◆ **What you should do**
Every entry below must be repeated exactly; skip the pictures.
= Beginning of Section =
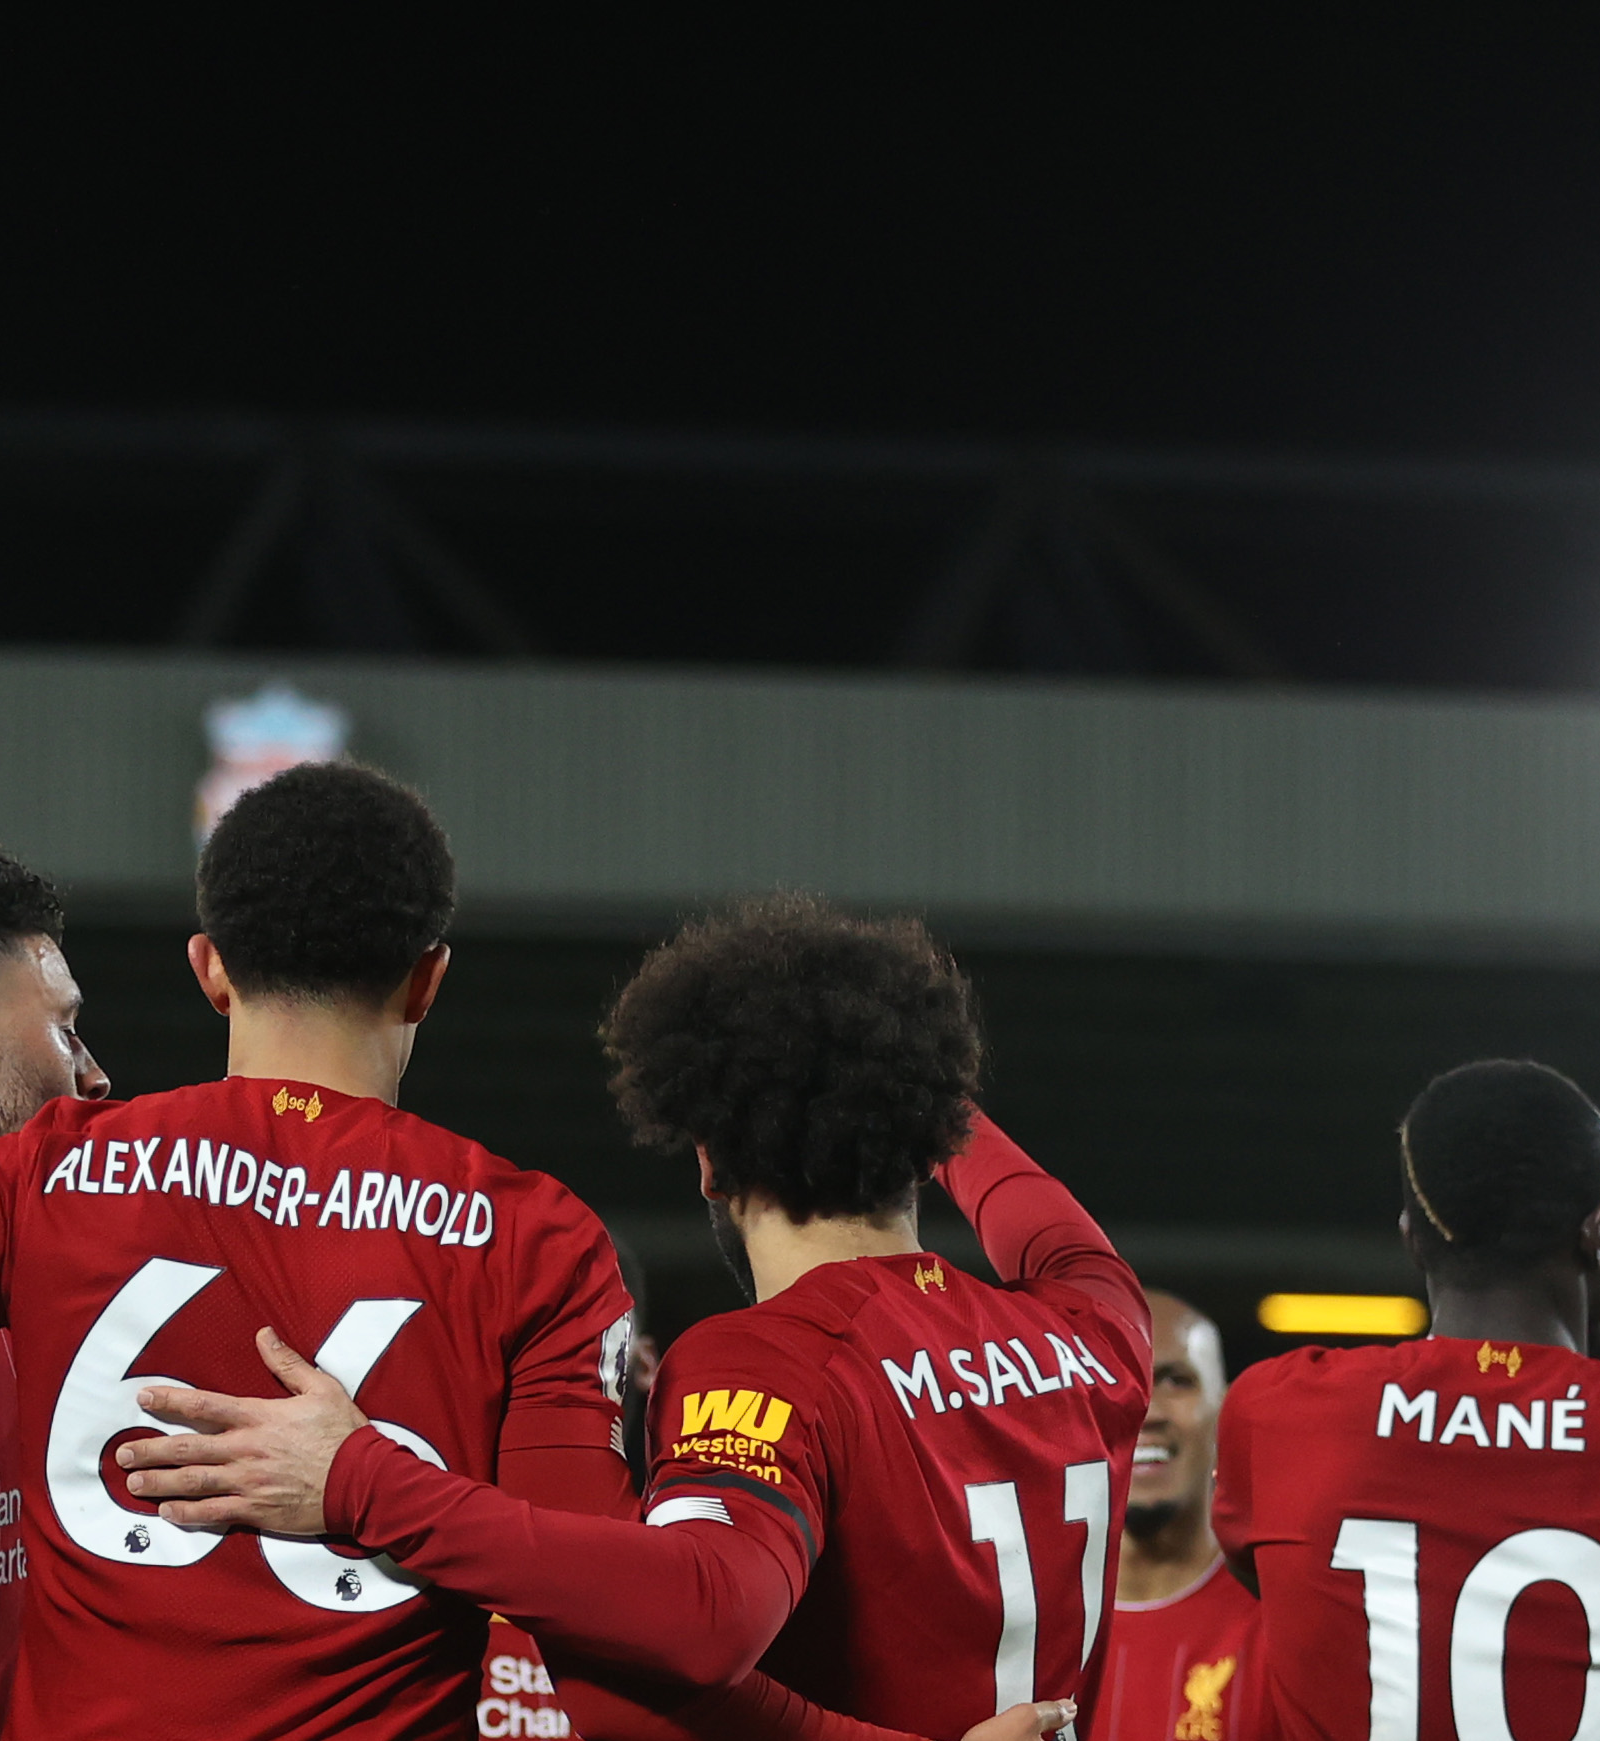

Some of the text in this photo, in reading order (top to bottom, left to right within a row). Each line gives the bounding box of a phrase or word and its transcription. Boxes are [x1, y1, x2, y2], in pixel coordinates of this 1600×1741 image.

[288, 1096, 306, 1111] 96
[43, 1136, 493, 1248] ALEXANDER-ARNOLD
[45, 1256, 448, 1613] 66
[680, 1389, 793, 1443] WU
[1376, 1383, 1587, 1452] MANÉ
[672, 1434, 776, 1462] Western
= End of Section =
◆ **Written solution**
Some of the text in this photo, in reading order (top to bottom, left to right within a row). Each line gives the bounding box of a phrase or word and its transcription. Boxes are [x1, y1, x2, y2], in pixel coordinates of this 1600×1741 image.

[288, 1096, 306, 1111] 96
[43, 1136, 493, 1248] ALEXANDER-ARNOLD
[45, 1256, 448, 1613] 66
[680, 1389, 793, 1443] WU
[1376, 1383, 1587, 1452] MANÉ
[672, 1434, 776, 1462] Western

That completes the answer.